## WHAT TO WORK ON
All records below are to be duplicated exactly, with every picture excluded.

---------- PROVIDED RECORDS

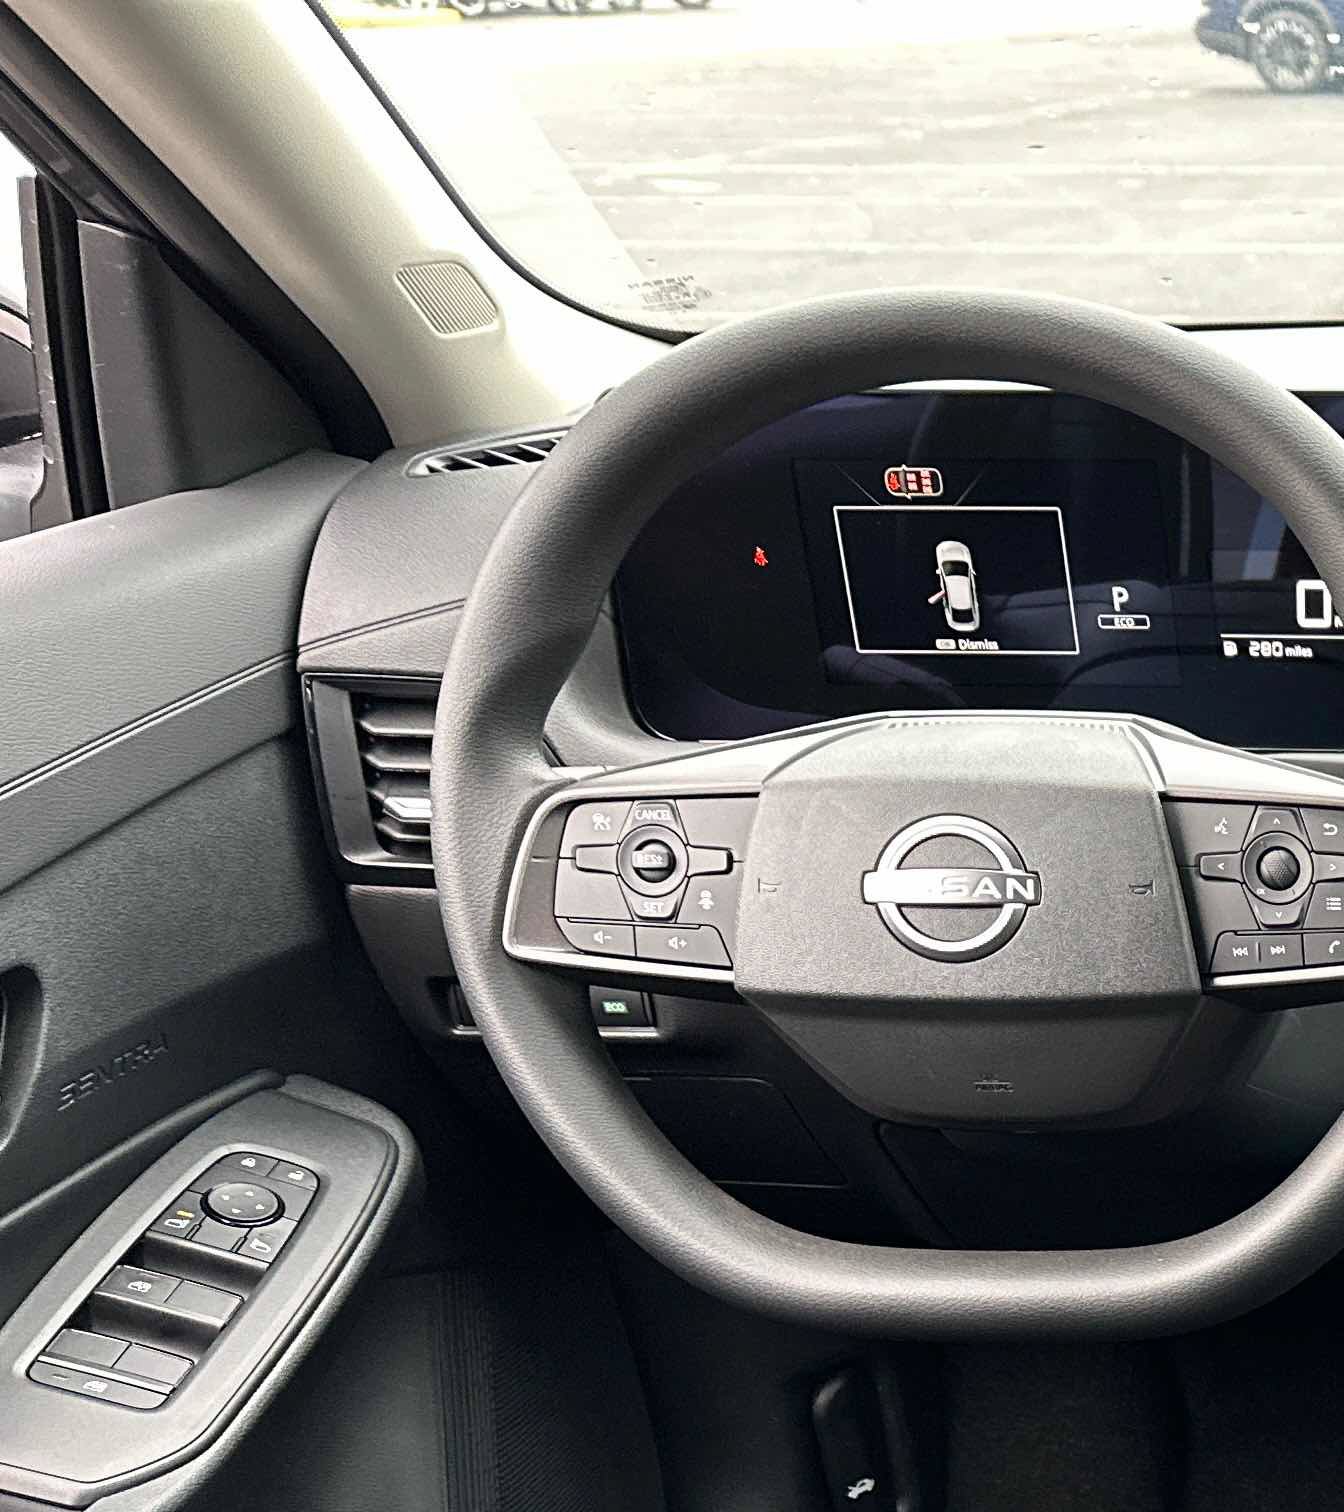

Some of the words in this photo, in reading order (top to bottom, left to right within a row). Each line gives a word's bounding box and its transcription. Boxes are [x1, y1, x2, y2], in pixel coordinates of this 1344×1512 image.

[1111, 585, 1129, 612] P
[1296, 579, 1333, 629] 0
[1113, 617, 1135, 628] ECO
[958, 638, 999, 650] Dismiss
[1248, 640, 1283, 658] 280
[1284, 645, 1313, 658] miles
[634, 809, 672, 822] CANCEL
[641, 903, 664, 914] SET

--------------------

## RESPONSE TO THE TASK
Some of the words in this photo, in reading order (top to bottom, left to right within a row). Each line gives a word's bounding box and its transcription. Boxes are [x1, y1, x2, y2], in pixel coordinates of this 1344×1512 image.

[1111, 585, 1129, 612] P
[1296, 579, 1333, 629] 0
[1113, 617, 1135, 628] ECO
[958, 638, 999, 650] Dismiss
[1248, 640, 1283, 658] 280
[1284, 645, 1313, 658] miles
[634, 809, 672, 822] CANCEL
[641, 903, 664, 914] SET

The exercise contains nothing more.